The Nine [59]
Always, when recounting the pain in his life, Thomas would return to the subject of his confirmation hearings: “And it is only by God’s grace and on his mighty shoulders that my wife and I endured the unpleasantness of my confirmation. In the end, our strategy was to rely on him, to endure the agony and then transcend the aftermath of bitterness, and we as a team, an inseparable team, are so grateful to you who lifted us up in prayer.”
Thomas appeared in public about as often as the other justices, but he picked his audiences with greater care. Only once in his first decade on the Court did he venture away from safe, sympathetic crowds where he could be guaranteed a warm reception. On that occasion, he decided to take on the most incendiary subject of all—race.

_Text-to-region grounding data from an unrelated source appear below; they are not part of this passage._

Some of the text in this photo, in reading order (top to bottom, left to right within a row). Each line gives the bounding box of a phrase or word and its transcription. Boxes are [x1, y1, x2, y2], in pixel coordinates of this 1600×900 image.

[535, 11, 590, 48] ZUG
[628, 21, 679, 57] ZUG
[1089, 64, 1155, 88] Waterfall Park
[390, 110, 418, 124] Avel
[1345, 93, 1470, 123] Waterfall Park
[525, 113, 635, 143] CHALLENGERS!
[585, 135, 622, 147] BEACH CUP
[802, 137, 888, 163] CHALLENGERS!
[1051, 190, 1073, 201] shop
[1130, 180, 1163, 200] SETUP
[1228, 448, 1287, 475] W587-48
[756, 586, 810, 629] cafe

Thomas’s views on the subject were clear. Like Scalia and Rehnquist, he believed in a “color-blind Constitution,” that is, that the Constitution forbade any consideration of race. Most notably, of course, he thought any kind of affirmative action or preferential treatment for blacks should be banned under the Equal Protection Clause. He was a proud heir to the civil rights tradition of Booker T. Washington, which focused less on government assistance to blacks than on self-help and up-by-the-bootstraps individual initiative. To the extent Thomas discussed discrimination at all, it was usually in the context of the vanished South of his youth—or of contemporary bias against Thomas himself. He had an understandable sensitivity to the common (and false) notion that he functioned as Scalia’s pawn on the Court. This idea was absurd not least because the two justices’ voting records were different, with Thomas well to the right of his senior colleague. What was notable, though, was that Thomas attributed this canard to racial, not political, bias. As he put it in a speech in Louisville, “Because I’m black, it is said that Justice Scalia does my work for me. I understand how that works. But I rarely see him, so he must have a chip in my brain that tells me what to do.”

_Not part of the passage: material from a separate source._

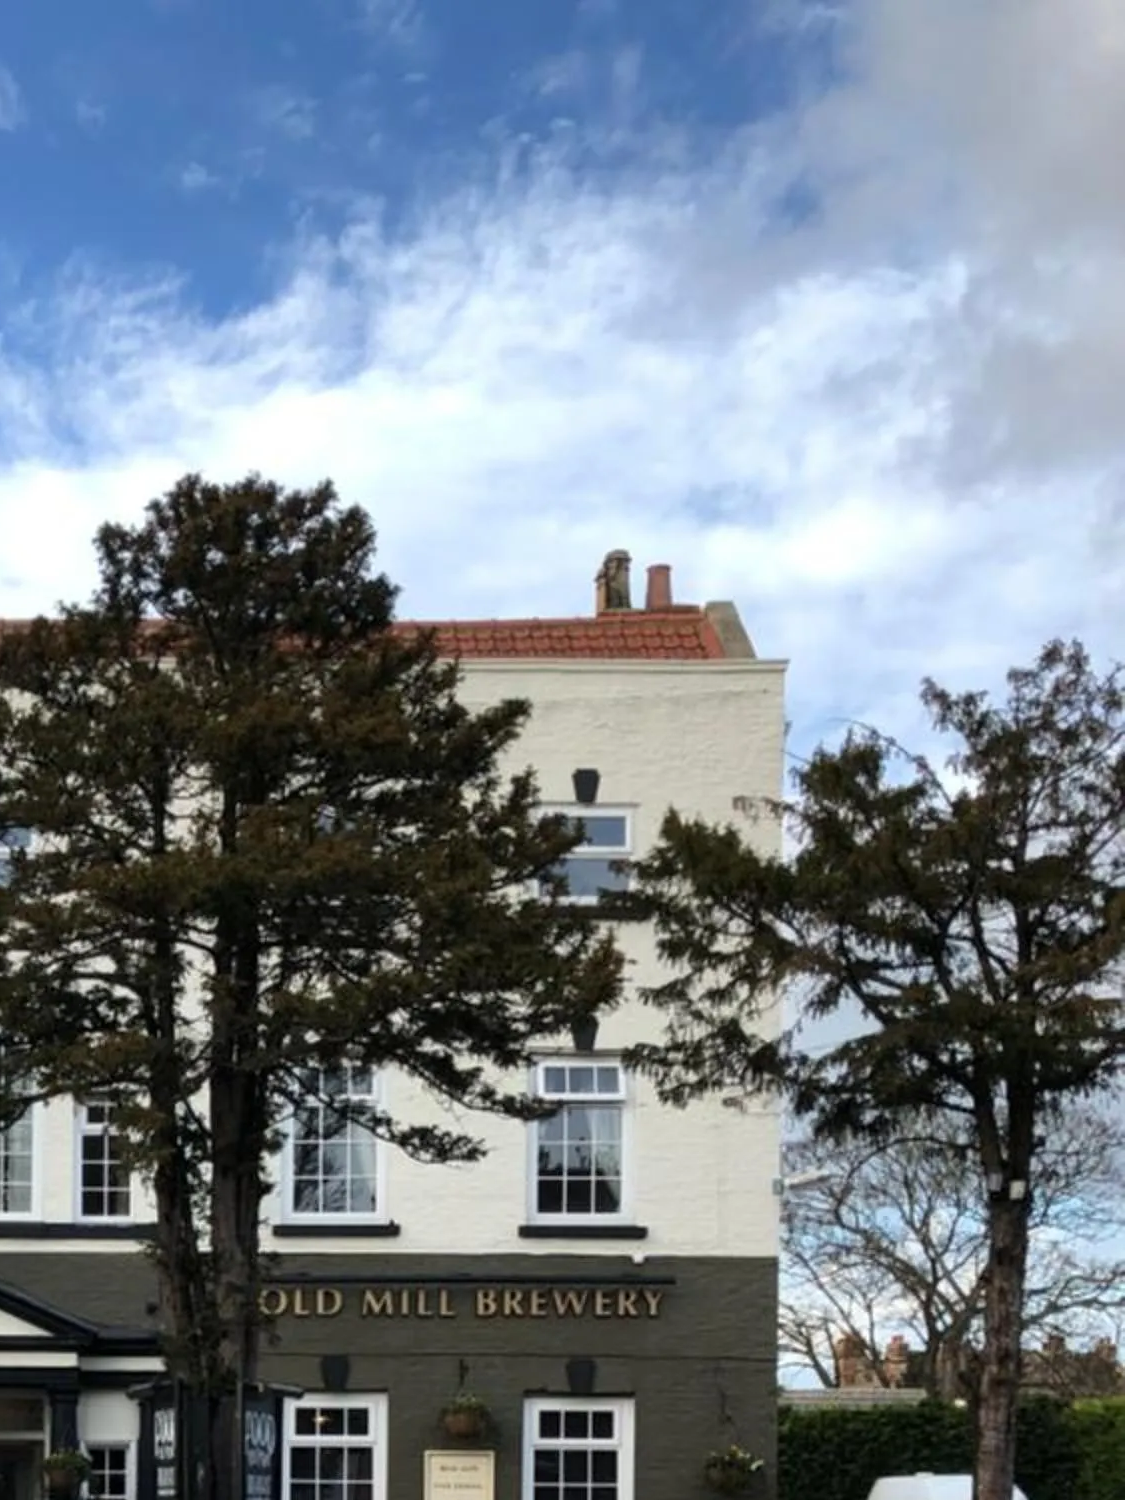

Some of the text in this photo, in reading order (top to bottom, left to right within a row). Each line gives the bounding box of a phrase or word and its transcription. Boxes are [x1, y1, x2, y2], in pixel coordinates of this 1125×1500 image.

[258, 1287, 663, 1317] OLD MILL BREWERY

To say that Thomas opposed affirmative action is not to say that he fought all efforts to help poor people, especially blacks. He thought the traditional civil rights movement bred a culture of victimization in blacks and paternalism in whites. He believed that economics, not race, was at the root of poor people’s problems, and he opened his chambers to those who shared these views. He would read the names of striving black youngsters in the news and invite them in for pep talks. His friend Tony Welters, an African American health care entrepreneur, started a program at New York University Law School that awarded scholarships—without regard to race—to “outstanding J.D. students who are among the first in their immediate family to pursue a graduate degree.” Thomas liked the program so much that he allowed the school to conduct the final interviews each year at the Supreme Court.